What is this small weight that is dragging the
financial system down? And why writing off
this particular debt will not save the banks?
Compared to the global derivative market which is
valued in the hundreds of trillions, the global
stock market by comparison is a midget. But it is
this midget that will cause the financial
implosion in America and Europe and reverberate
across the world.
Let me explain in simple terms.
When the Dow collapsed from the stratospheric high
of 14,000 to less than 7,000 recently (though
recovered somewhat) and other stock markets also
went south in tandem, it was estimated that at the
minimum $30 trillion was wiped out.
What are the consequences of such a drastic
collapse?
Let me explain in simple terms again.
Take the share price of Citigroup. At the height
of the boom, its market capitalization was over
$250 billion. Today, it is less than $10 billion.
Let us say that you bought the shares when it was
trading at $150. You also borrowed from the bank
to purchase the shares. These shares will have to
be pledged to the bank as security for the loan.
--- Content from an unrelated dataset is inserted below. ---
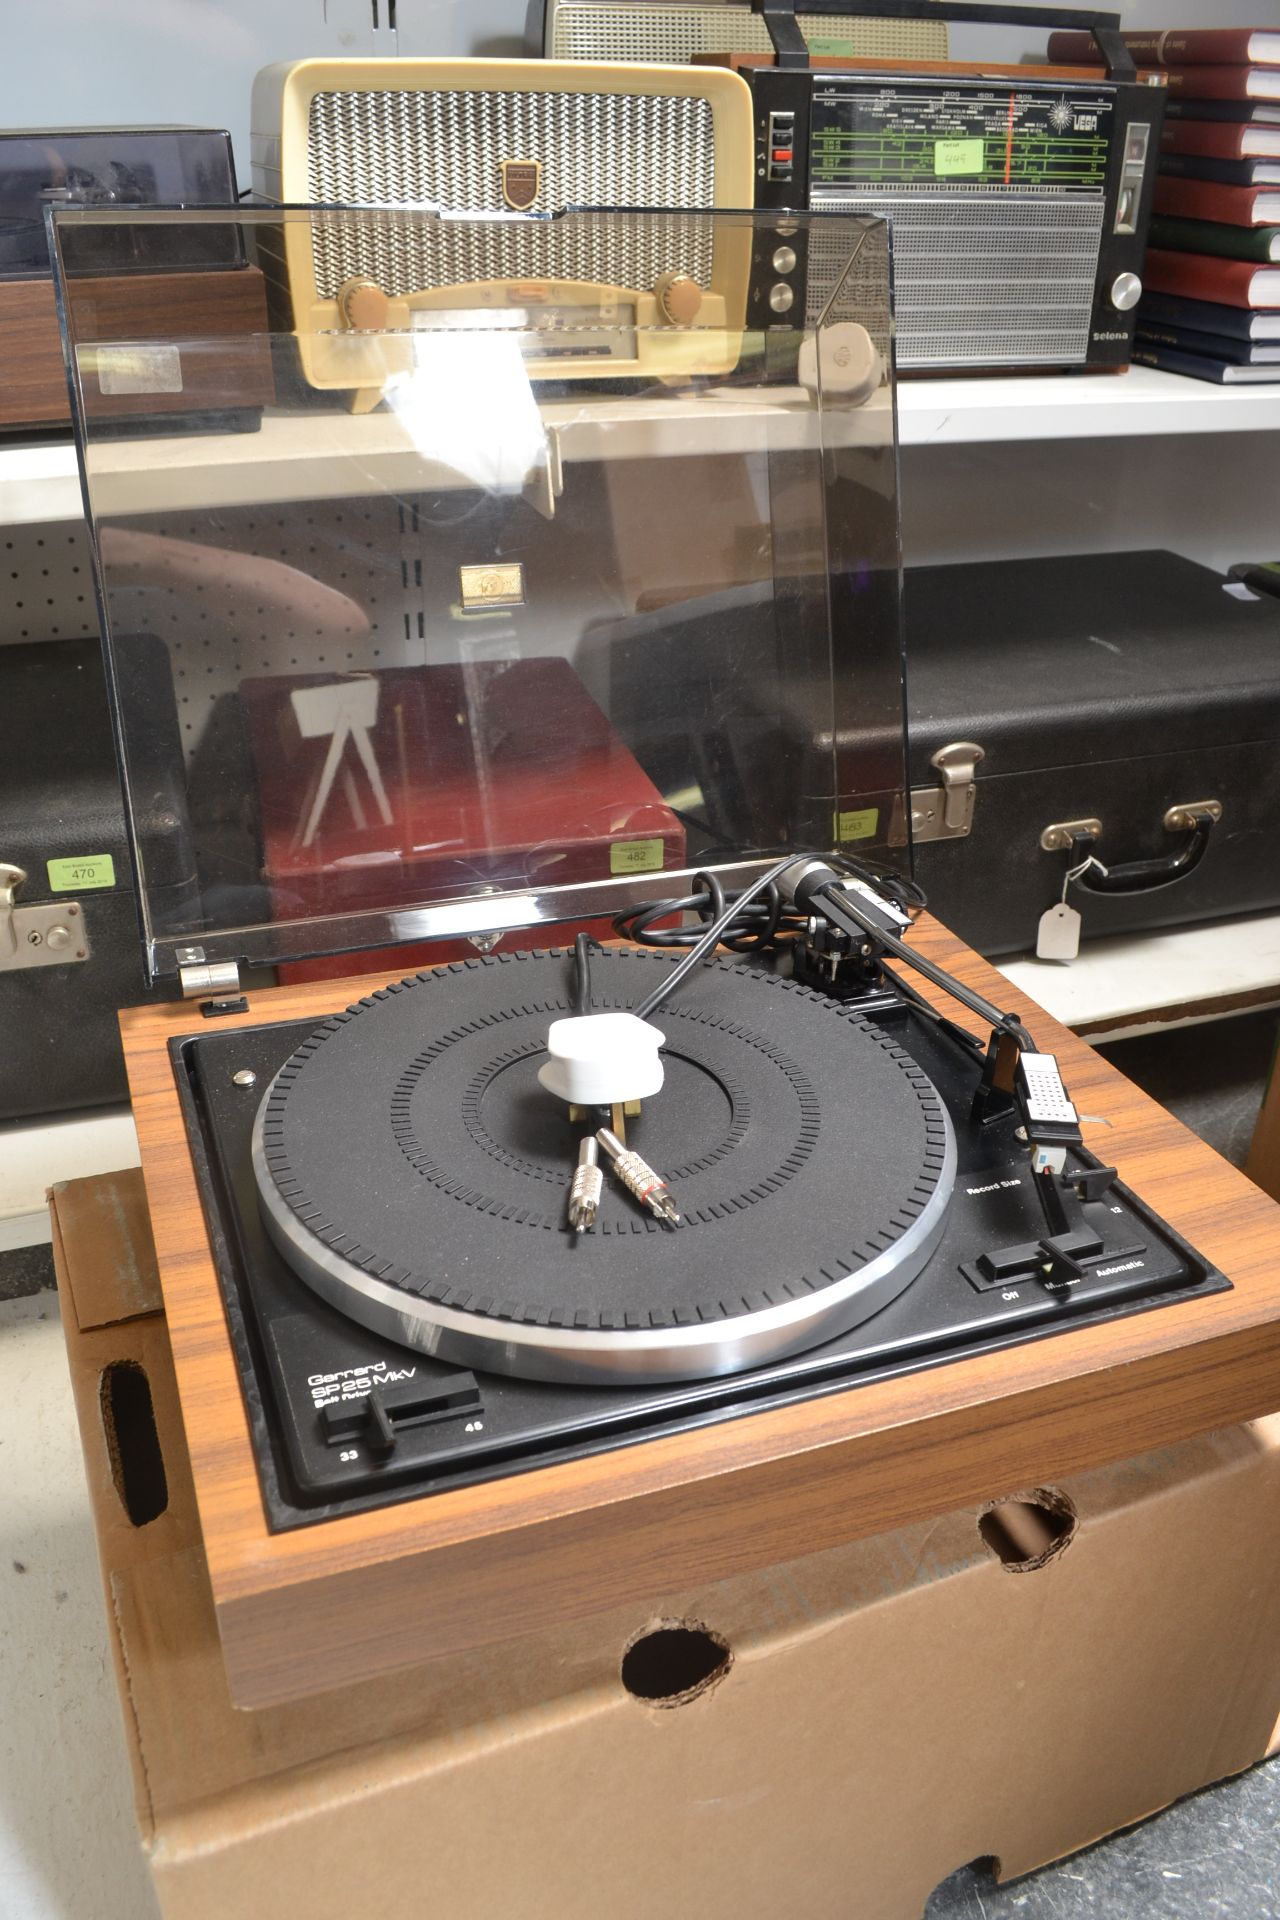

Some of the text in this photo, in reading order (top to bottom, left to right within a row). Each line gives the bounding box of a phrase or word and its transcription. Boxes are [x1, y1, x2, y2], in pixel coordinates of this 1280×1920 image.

The shares are now trading a few dollars, say $5.
There is just no way that you can repay the loan
and or to obtain additional security to “top-up”
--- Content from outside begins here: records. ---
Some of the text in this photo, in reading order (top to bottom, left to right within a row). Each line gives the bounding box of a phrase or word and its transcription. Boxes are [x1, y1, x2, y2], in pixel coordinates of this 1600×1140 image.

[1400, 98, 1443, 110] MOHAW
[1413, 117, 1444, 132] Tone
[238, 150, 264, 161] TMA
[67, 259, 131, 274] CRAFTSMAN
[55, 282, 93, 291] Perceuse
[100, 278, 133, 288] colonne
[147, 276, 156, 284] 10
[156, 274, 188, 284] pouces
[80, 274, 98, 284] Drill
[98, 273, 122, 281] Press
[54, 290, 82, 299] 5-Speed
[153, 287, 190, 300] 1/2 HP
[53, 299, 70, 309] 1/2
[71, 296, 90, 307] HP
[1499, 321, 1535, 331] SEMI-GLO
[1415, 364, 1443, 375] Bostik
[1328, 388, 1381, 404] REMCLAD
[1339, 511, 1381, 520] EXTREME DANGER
the value of the security pledged to the bank.
Where are you going to get the cash to buy more
shares? Shares of other companies that you may own
have also collapsed, and their value may not be
sufficient to cover the difference. You are dead
meat!
The bank is also in deep trouble because there is
no way that they can recover the loan from selling
the shares, which is worth $5.
There is the added problem that companies, whose
shares are traded in the stock exchange, are not
worth even at current values because their core
business and operations were premised on cheap
credit and were therefore highly geared! These
companies are in debt to their eyeballs!
They are insolvent, bankrupt!
Try as hard, the Fed and the Treasury will not be
able to engineer a stock rally back to 14,000
points. And even if they could, it does not follow
that the prices of the shares of specific
companies would return to its previous
high. In the case of Citigroup back to $200 per
share!
There is no way in the next 3 to 5 years for
companies whose businesses have collapsed to be
able to recover fast enough and to be profitable
enough to justify a market value of at least 50
per cent of its previous high. In the case of
Citigroup, back up to $100.
That is an example in the financial sector.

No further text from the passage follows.